Abstract

Mucormycosis, also called “Fungal Emergency,” is a rare disease across the world except Asia. In Asia, especially in India, the alarmingly high incidence of mucormycosis in uncontrolled diabetic population is a cause for concern. In contrast, the majority of mucormycosis cases in western world occur in the patients with hematological malignancies and neutropenia. Recently in a study from India, the incidence of mucormycosis is estimated at a rate of 0.14 cases/1000 population, means 70 times to the incidence in wetern world. Other than India, few case series have been reported from Taiwan, Korea, Indonesia, and Japan. The population of Asia is not homogenous. The prevalence of infectious diseases varies with economy, geography, behaviour, and hospital practices. However, the majority of Asian population avoid periodic health checkup and it is reflected in the fact that 16–23% of our mucormycosis patients in India were unaware of background diabetes. Asian mucormycosis cases have certain unique features.

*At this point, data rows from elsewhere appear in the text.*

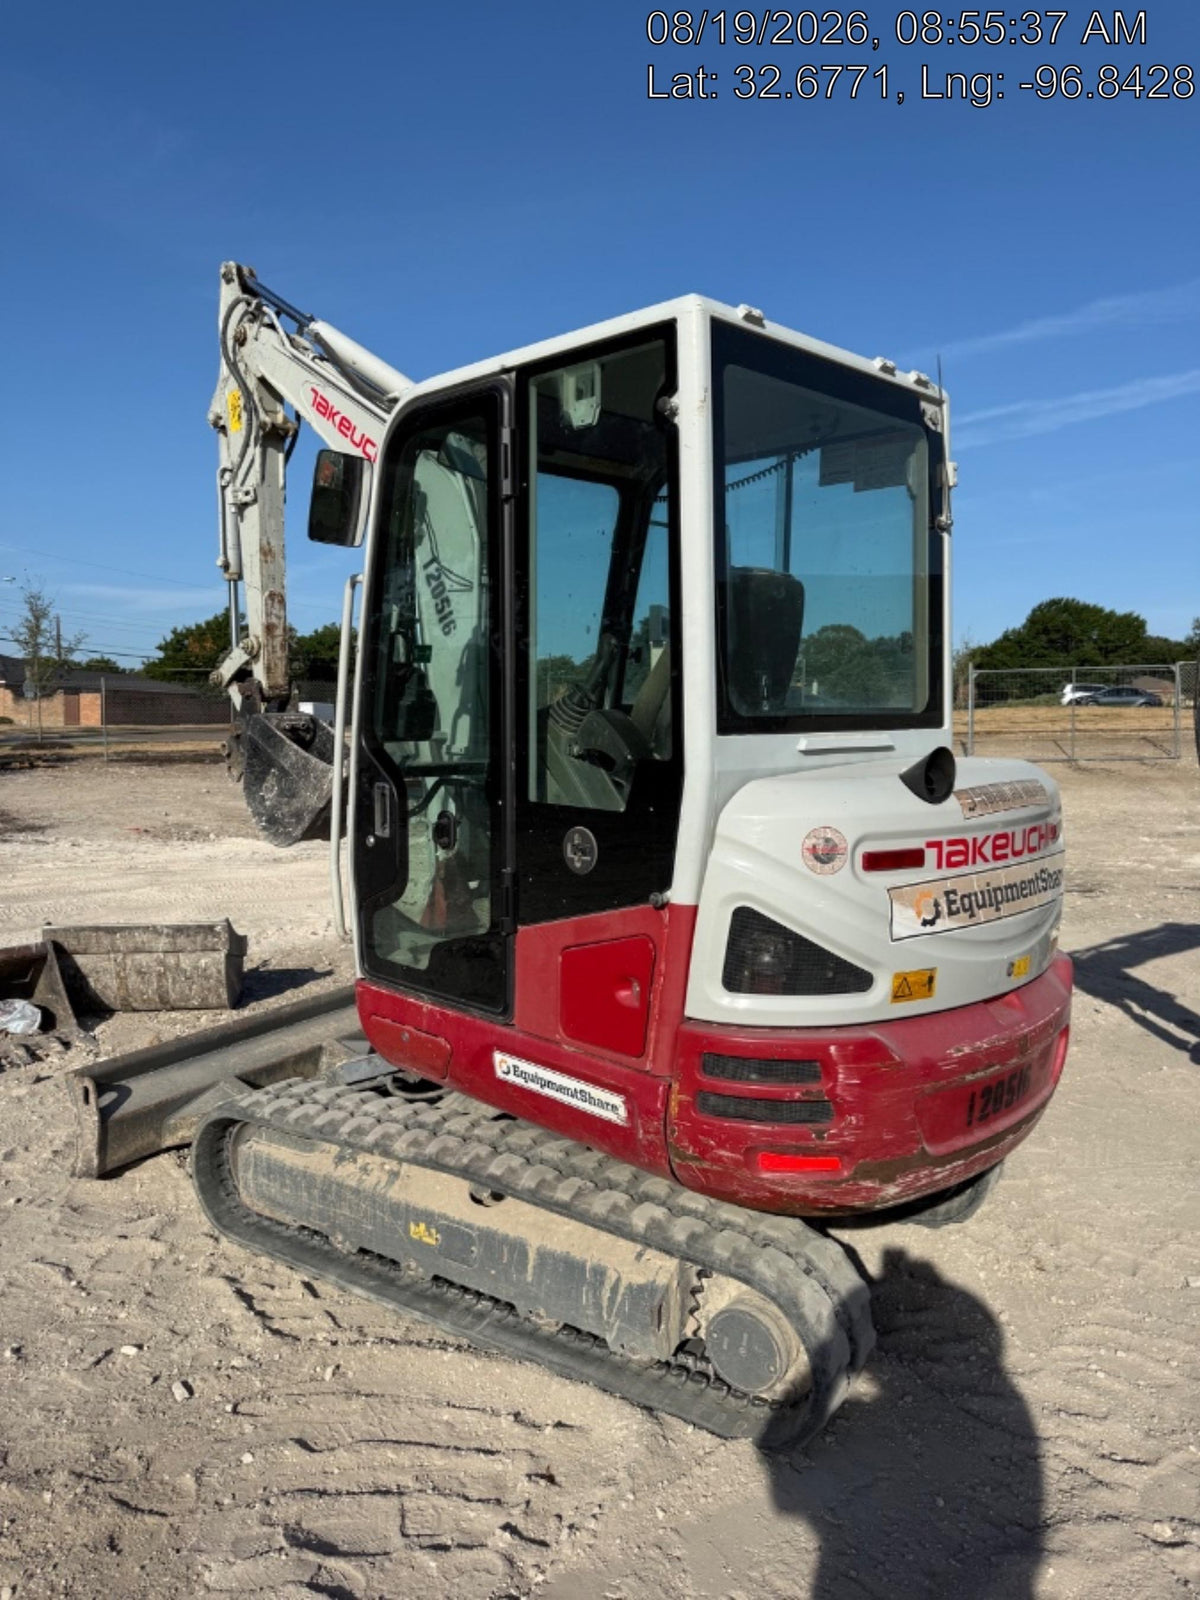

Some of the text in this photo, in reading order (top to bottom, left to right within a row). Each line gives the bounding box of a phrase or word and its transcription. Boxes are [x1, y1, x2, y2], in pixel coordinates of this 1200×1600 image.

[310, 387, 378, 464] TAKEUC
[943, 867, 1063, 918] EquipmentShar
[511, 1064, 620, 1115] EquipmentShare
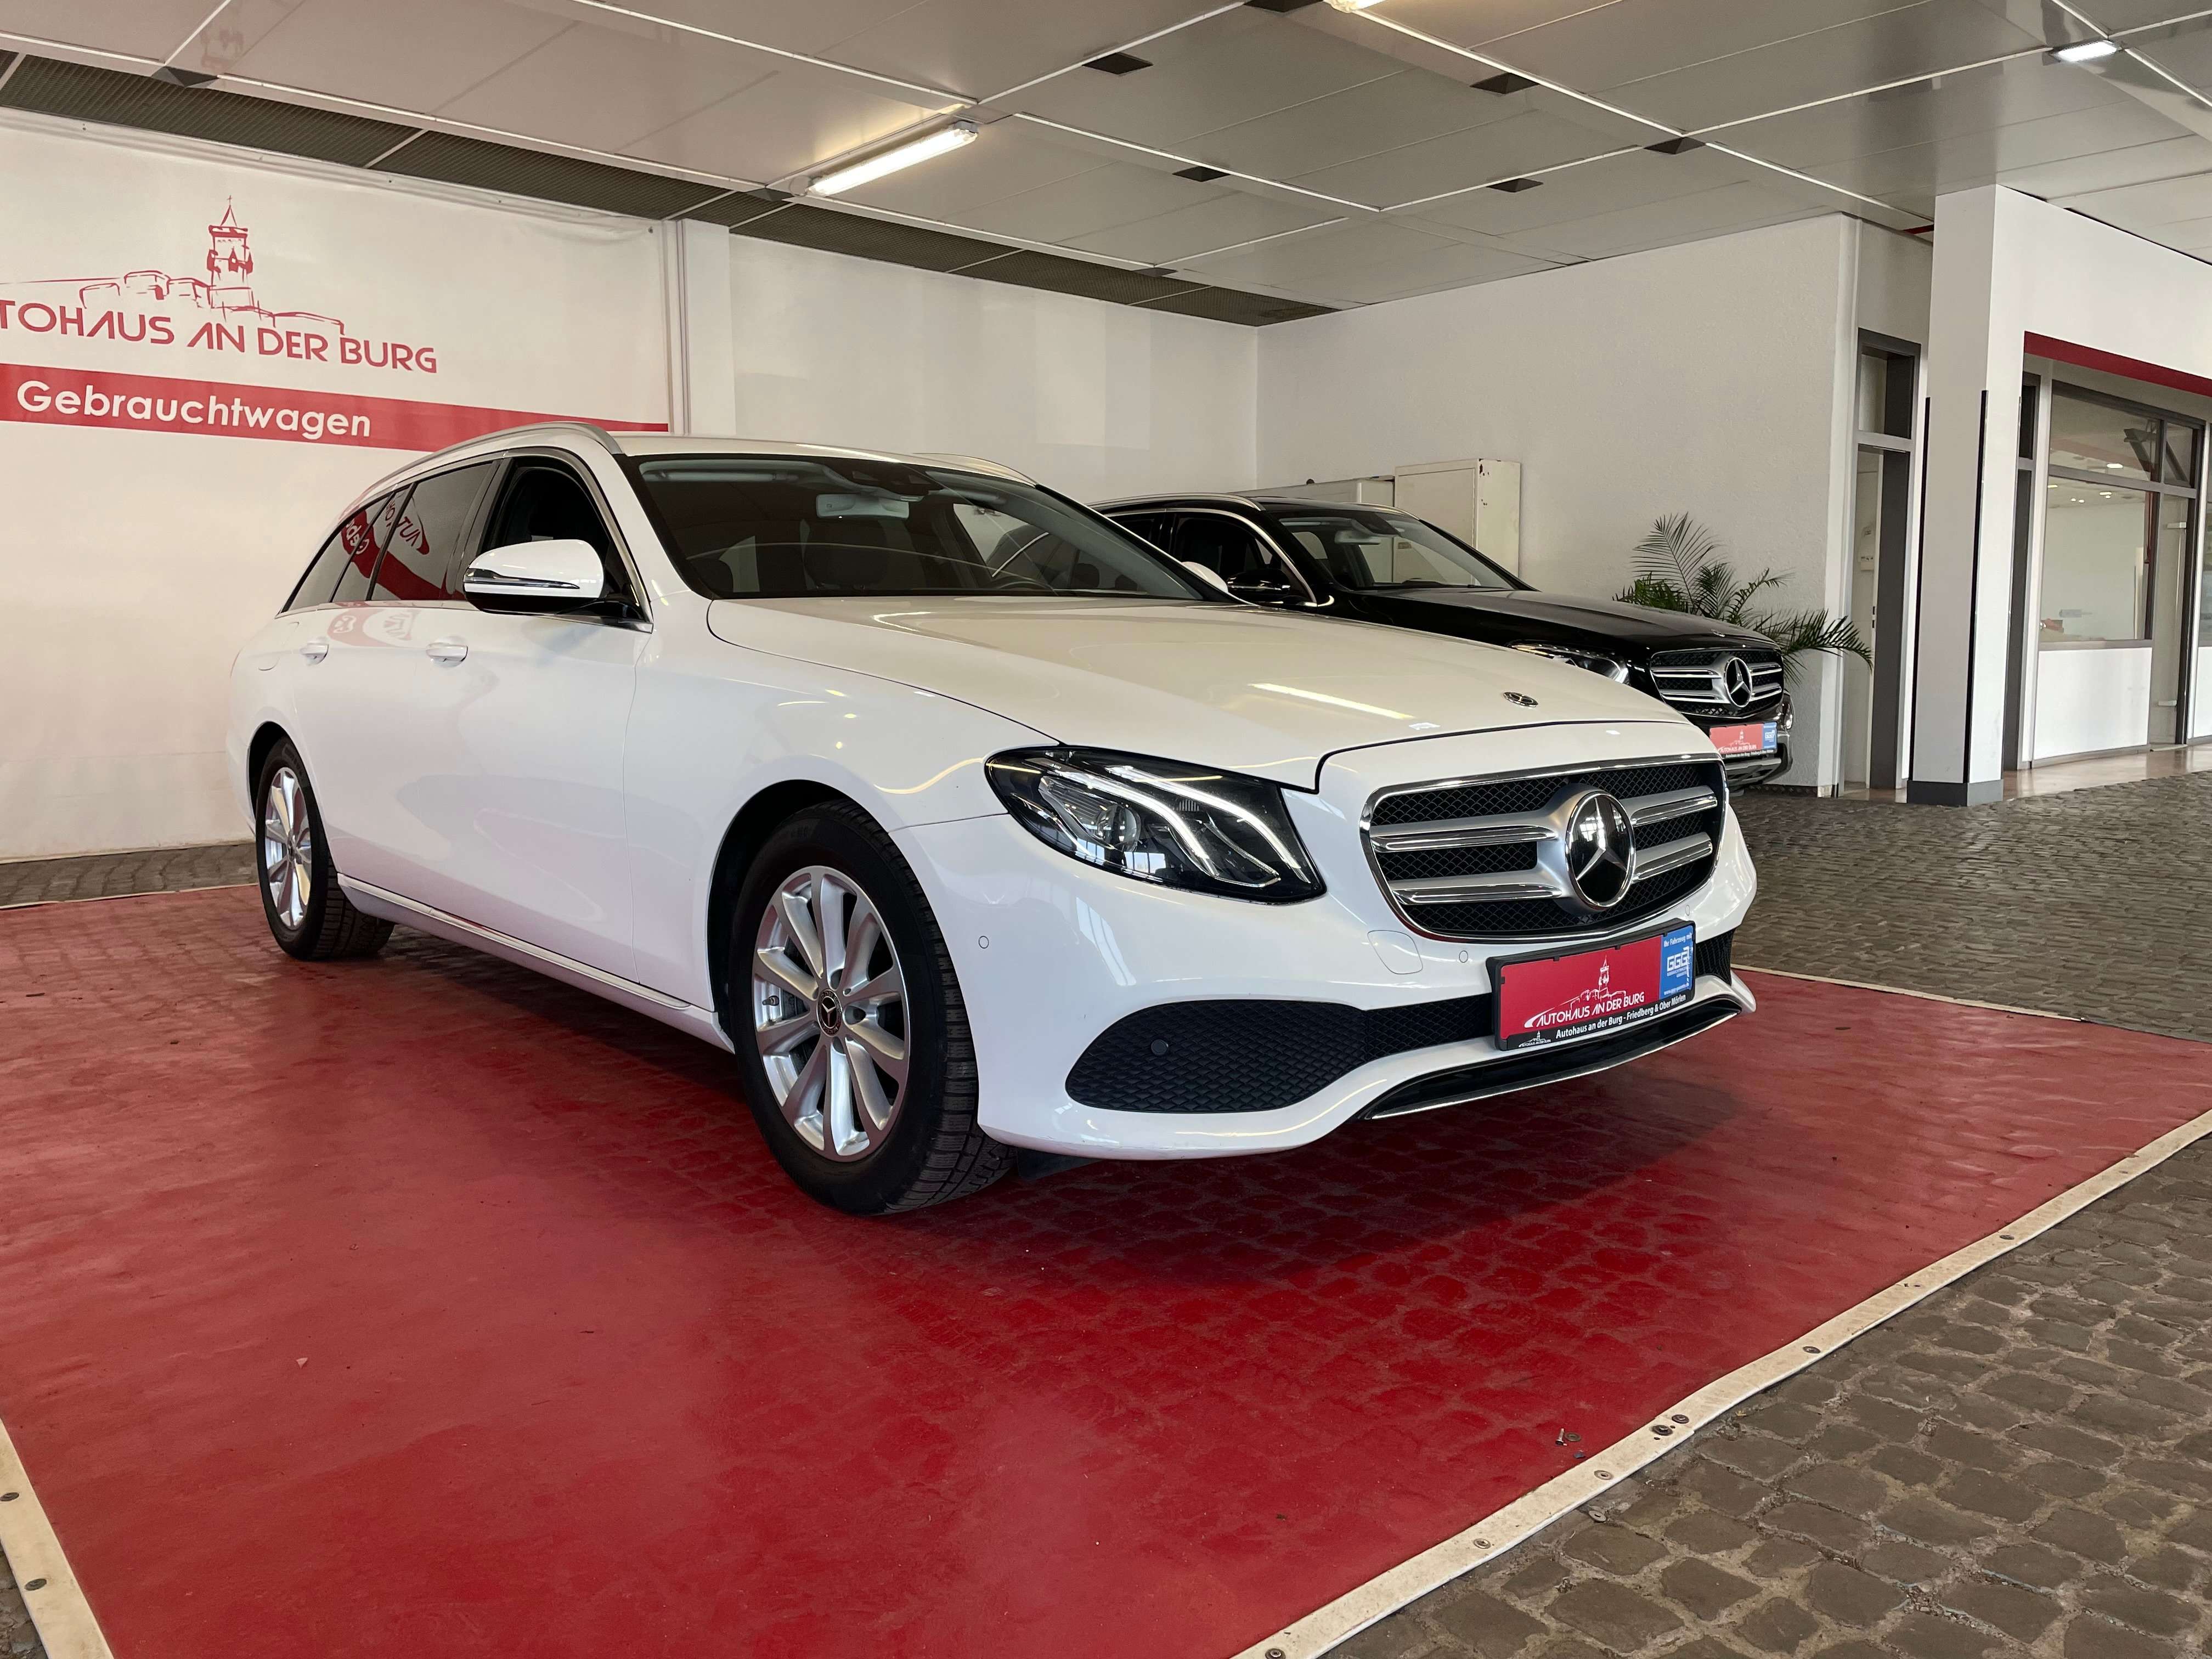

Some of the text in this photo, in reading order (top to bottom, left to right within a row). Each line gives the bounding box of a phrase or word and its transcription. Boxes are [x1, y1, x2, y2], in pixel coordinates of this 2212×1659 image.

[186, 322, 245, 353] AN
[257, 328, 329, 362] DER
[340, 337, 437, 374] BURG
[17, 380, 371, 440] Gebrauchtwagen
[1536, 992, 1645, 1028] AUTOHAUS AN DER BURG
[1556, 1025, 1588, 1039] Autohaus
[1588, 1022, 1596, 1031] an
[1597, 1019, 1608, 1028] der
[1609, 1015, 1623, 1026] Burg
[1627, 1007, 1654, 1021] Friedberg
[1654, 1004, 1659, 1012] &
[1659, 1001, 1671, 1011] Ober

Contrary to pulmonary mucormycosis, rhino-cerebral presentation is commonest in Asia. In India and China, a distinct group of population without any risk factor has been reported with isolated kidney involvement. These patients are young and immunocompetent. It is not clear how and why these patients acquire isolated renal mucormycosis. The spectrum of agents causing mucormycosis in Asia is also wide. Though Rhizopus oryzae is the commonest agent isolated, Apophysomyces variabilis ranks the second. Other new species isolated in Asia include Saksenaea vasiformis, Rhizopus homothallicus, Mucor irregularis, and Thamnostylum lucknowense. In an environmental survey, R. oryzae was the commonest agent isolated, followed by Lichtheimia and Cunninghamella species. The rare agents like A. variabilis and Rhizopus homothallicus were isolated in high numbers in alkaline soils. On multivariate analysis low nitrogen content, alkaline pH of soil was found to be significantly associated with A. variabilis isolation. The mortality due to mucormycosis remains high in Asian population. A large section of Asian patients fail to afford liposomal amphotericin B and the disease is managed with conventional amphotericin B deoxycholate. More studies are required from Asian countries to know the exact prevalence of the disease, the pathogenesis of renal mucormycosis, and the relation of environmental and clinical isolates.